> _Working data_
────
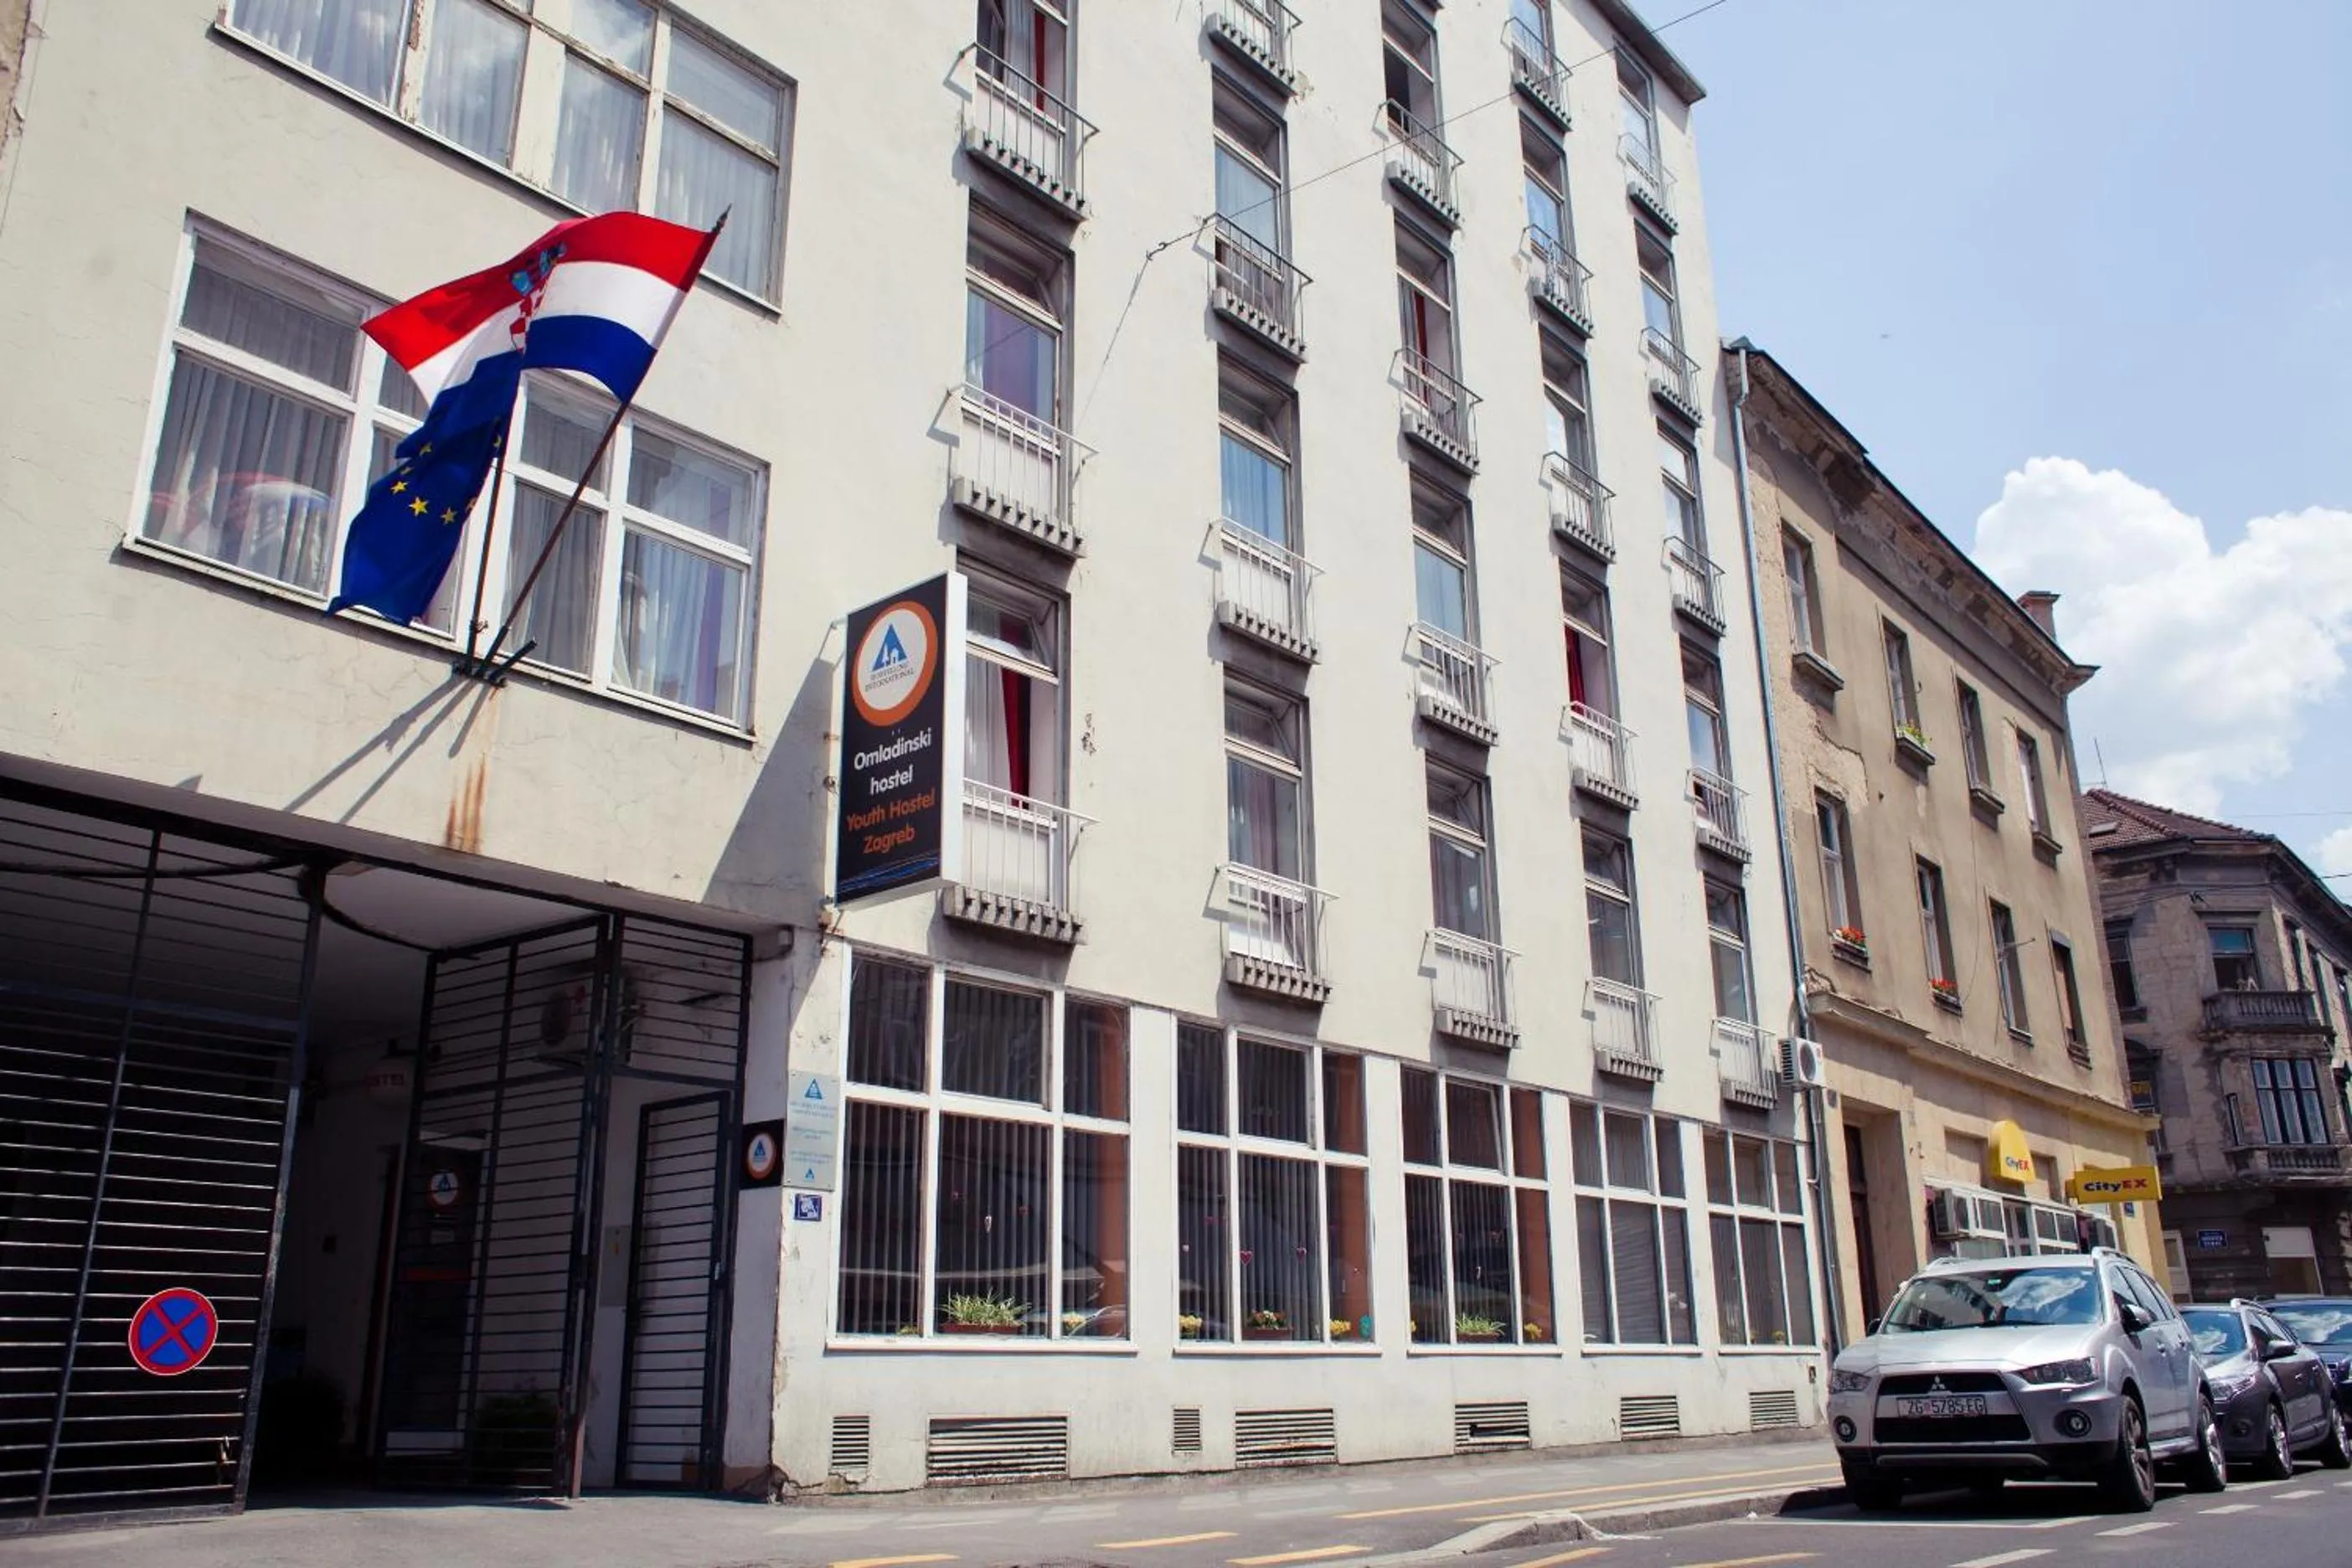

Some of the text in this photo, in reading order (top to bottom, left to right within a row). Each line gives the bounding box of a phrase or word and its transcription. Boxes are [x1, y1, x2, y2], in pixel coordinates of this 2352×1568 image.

[854, 727, 931, 770] Omladinski
[869, 764, 914, 795] hostel
[847, 787, 936, 832] Youth Hostel
[864, 823, 916, 854] Zagreb
[2084, 1179, 2148, 1193] CityEX
[1908, 1400, 1923, 1414] ZG
────
> _Task details_
Quote every record above exactly, leaving out any pictures.

> _Completed exercise_
Some of the text in this photo, in reading order (top to bottom, left to right within a row). Each line gives the bounding box of a phrase or word and its transcription. Boxes are [x1, y1, x2, y2], in pixel coordinates of this 2352×1568 image.

[854, 727, 931, 770] Omladinski
[869, 764, 914, 795] hostel
[847, 787, 936, 832] Youth Hostel
[864, 823, 916, 854] Zagreb
[2084, 1179, 2148, 1193] CityEX
[1908, 1400, 1923, 1414] ZG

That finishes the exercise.